Specialty visits like going to the emergency room or having surgery is $50 and other visits like yearly checkups or going to see my family Doctor are $10.
 
I was a private banker for a major nationwide financial institution here in the US. I can tell you from first hand experience working with several Canadian customers, many of them were here in the US for treatment for serious medical treatment such as cancer. They were here in a life or death situation because of the quality of healthcare in Canada. I seen people not just coming but leaving theUS greatful for the US healthcare systeM. Now these were only the wealthiest of Canadians who were able to afford this especially because they didn’t have US healthcare coverage.

Canada is great for minor healthcare issues, outside of that get in line.
I've generally found that people like to pick and choose stats to bash the US health care system. Ignoring mortality rates and focusing on cost, for example. I don't recall if it was Ireland or Scotland but a few years back someone was touting their health care totally based on the cost, but a google search showed they had among the lowest survival rates of terminal illness in the civilized world.
There's a reason the well to do from across the pond and north of the border come here for health care.
 
I've generally found that people like to pick and choose stats to bash the US health care system. Ignoring mortality rates and focusing on cost, for example. I don't recall if it was Ireland or Scotland but a few years back someone was touting their health care totally based on the cost, but a google search showed they had among the lowest survival rates of terminal illness in the civilized world.
There's a reason the well to do from across the pond and north of the border come here for health care.
Private supplemental insurance, what is it.
 
I've generally found that people like to pick and choose stats to bash the US health care system. Ignoring mortality rates and focusing on cost, for example. I don't recall if it was Ireland or Scotland but a few years back someone was touting their health care totally based on the cost, but a google search showed they had among the lowest survival rates of terminal illness in the civilized world.
There's a reason the well to do from across the pond and north of the border come here for health care.

Glancing at the age-adjusted OECD data, cancer mortality rate in the US is at 187 per 100,000 population. Most industrialized countries with universal healthcare are around 200, and Canada is at 207. However the US is beaten by Sweden, Finland, Switzerland, Japan and Australia - all of which are lower than 187 and have socialized healthcare.
Those aren't very significant differences. You also can't draw a causal link between universal healthcare and poorer cancer outcomes, seeing as the US gets beaten by many of such systems. It's the Canadian system in particular who's performing less than other universal healthcare systems.

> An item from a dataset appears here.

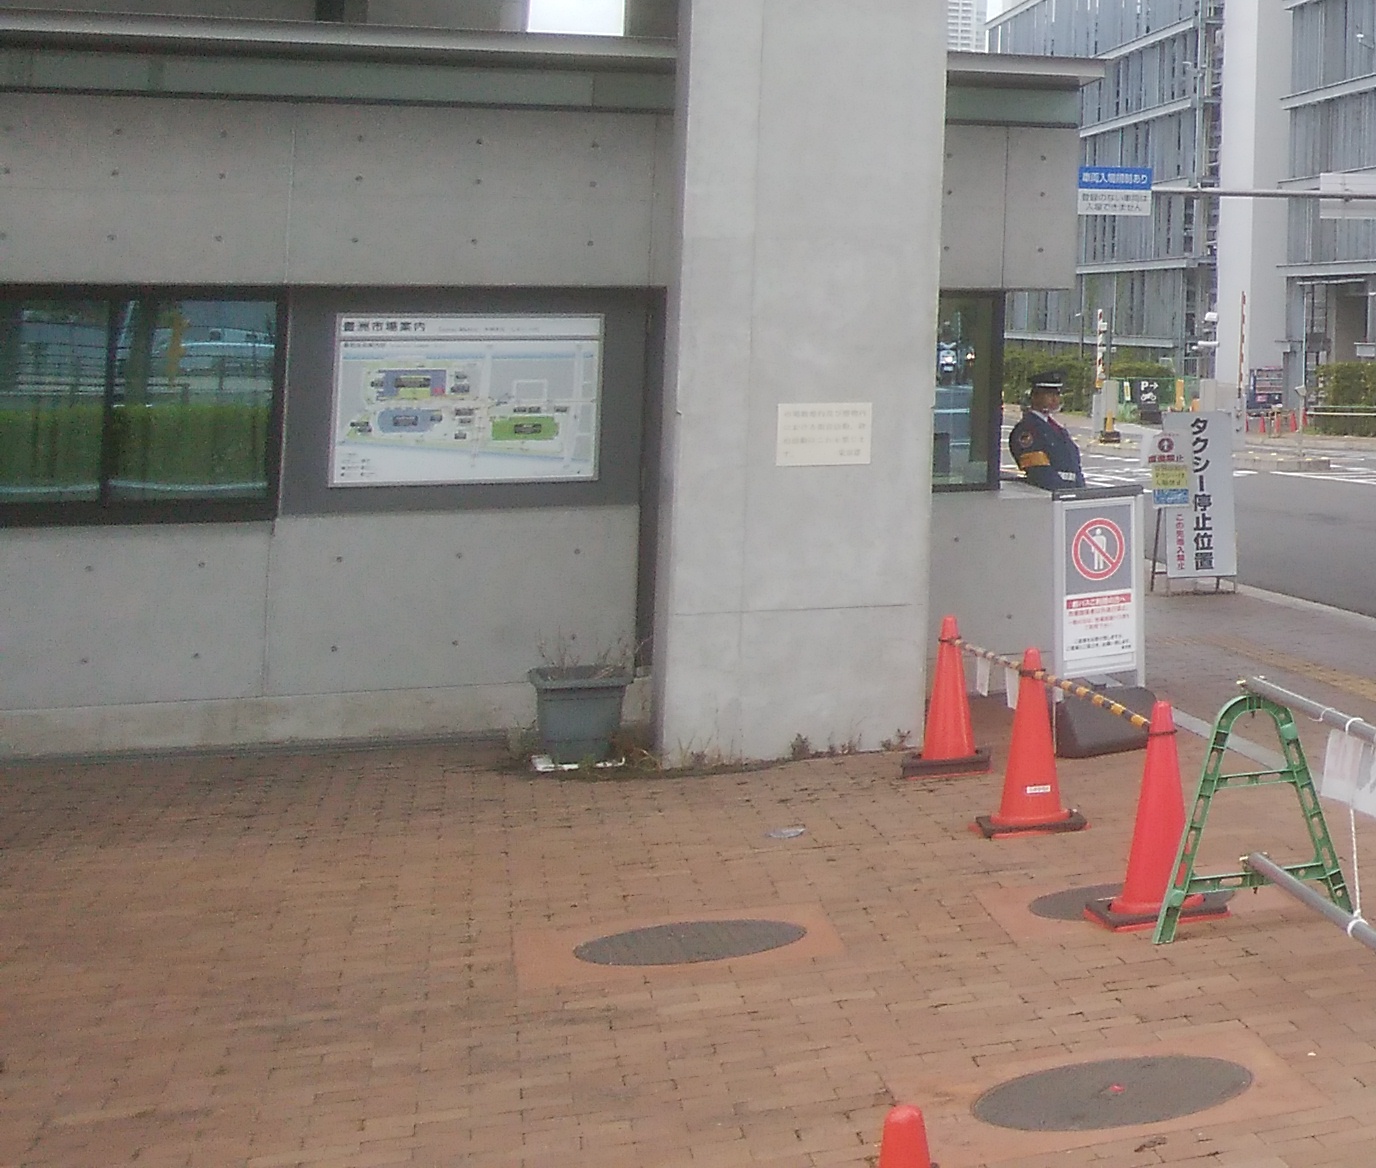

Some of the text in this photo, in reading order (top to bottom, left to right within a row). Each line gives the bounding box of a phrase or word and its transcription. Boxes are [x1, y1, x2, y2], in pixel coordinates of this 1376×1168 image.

I think when people say "healthcare is so much better in the US" what they actually mean is "The person able to pay 200,000$+ in medical bills is receiving better treatment outcomes." No shit, rich people always make out with an advantage regardless of the country.
 
I think when people say "healthcare is so much better in the US" what they actually mean is "The person able to pay 200,000$+ in medical bills is receiving better treatment outcomes." No shit, rich people always make out with an advantage regardless of the country.
Government health care sure as hell won't change that.